U.S. Pat. No. 4,485,879 relates to a method for directional drilling of boreholes in subsurface formations by a downhole motor at a lower end of a drill string. The downhole motor rotates a drill bit while a predetermined weight is applied on the drill bit causing the normally-straight axis of the downhole motor to become bent. Simultaneously the drill string is rotated over periods of time that are preceded and followed by selected periods during which the drill string is not rotated. A drawback of this method relates to the friction forces between the drill string and the borehole wall, which are relatively high during periods of time that the drill string is not rotated.
WO-2011130159-A2 discloses a method of controlling a direction of drilling of a drill bit used to form an opening in a subsurface formation includes varying a speed of the drill bit during rotational drilling such that the drill bit is at a first speed during a first portion of the rotational cycle and at a second speed during a second portion of the rotational cycle, wherein the first speed is higher than the second speed, and wherein operating at the second speed in the second portion of the rotational cycle causes the drill bit to change the direction of drilling. This publication also discloses estimating toolface of a bottom hole assembly between downhole updates during drilling in a subsurface formation including encoding a drill string, running the drill string in the formation in a calibration mode to model drill string windup in the formation during drilling operations, measuring a rotational position of the drill string at the surface of the formation, and estimating the toolface of the bottom hole assembly based on the rotational position of the drill string at the surface and the drill string windup model.
U.S. Pat. No. 7,766,098 and U.S. Pat. No. 7,588,100 disclose a system and a method for steering the direction of a borehole advanced by cutting action of a rotary drill bit by periodically varying the rotation speed of the drill bit, either by varying the rotation speed of the motor or by varying the rotation speed of the drill string.
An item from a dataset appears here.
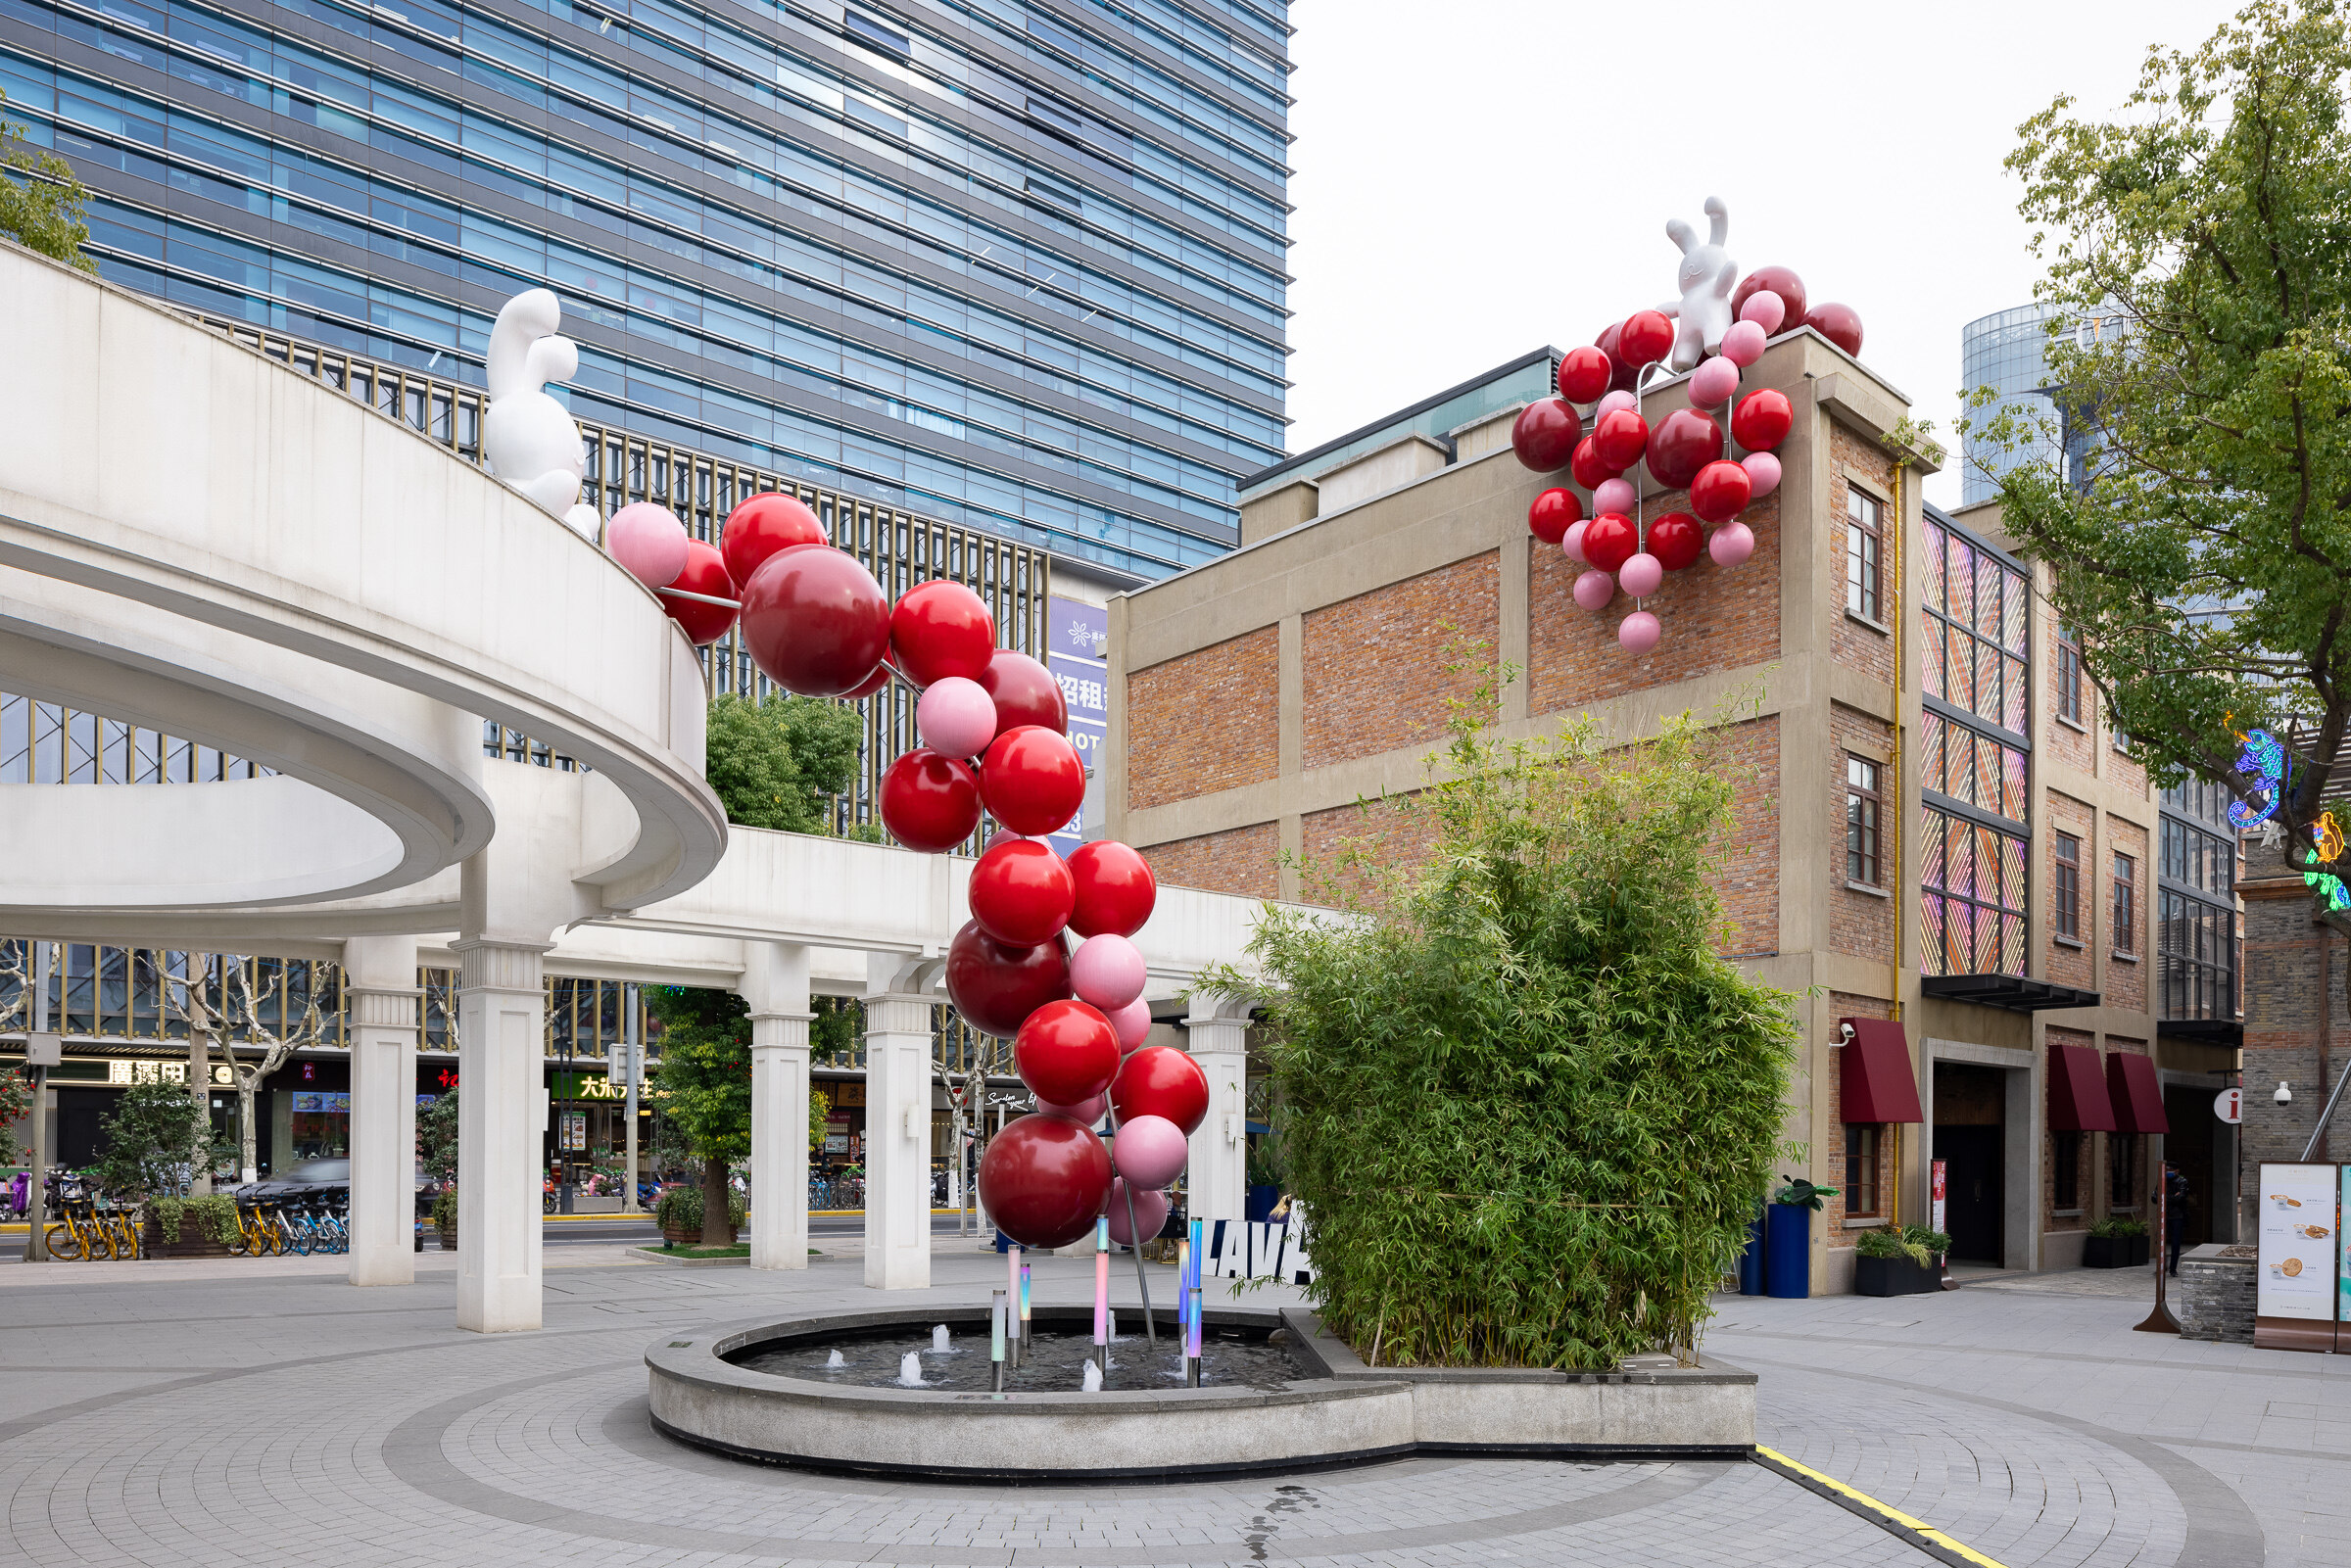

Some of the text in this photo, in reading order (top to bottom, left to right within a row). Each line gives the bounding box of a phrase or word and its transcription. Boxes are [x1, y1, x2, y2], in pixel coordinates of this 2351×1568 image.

[1055, 673, 1107, 713] 招租
[580, 1076, 653, 1098] 大米生
It is a drawback of the know system that the speed variation response at the drill bit generally differs considerably from the rotational speed variation at surface due to torsional vibrations and windup of the drill string, particularly for deeper boreholes, resulting in lack of control of the drilling direction.
International patent application WO2011/081673 discloses a method of bit steering by cyclically increasing a rotational speed of a drill bit when an axis of the drill bit is oriented in a desired azimuthal direction relative to a drill string axis.
US patent application US2009/0057018 discloses another directional drilling system wherein an inclined drill bit is steered by periodically varying the rotational speed of the drill string and/or of a downhole drilling motor in the BHA, which is equipped with Measuring While Drilling (MWD) BHA orientation Sensors
US patent application US2009/0065258 discloses a directional drilling method wherein a the rotary speed of a drill string is varied during each revolution and substantially similarly for each of a plurality of revolutions to induce an inclined drill bit at a bottom of the drill string to drill deviated borehole sections with a selected orientation, which is measured using a Measuring While Drilling (MWD) orientation sensing system.
Known MWD systems comprise inclinometers and/or magnetic field detectors to provide a three-dimensional orientation of the BHA and drill bit relative to the earth gravitational and magnetic fields and/or relative to a drill string axis, but do not yet indicate average percentages of time that the BHA rotates through the angular intervals, which is a relevant characteristic for the bit steering process.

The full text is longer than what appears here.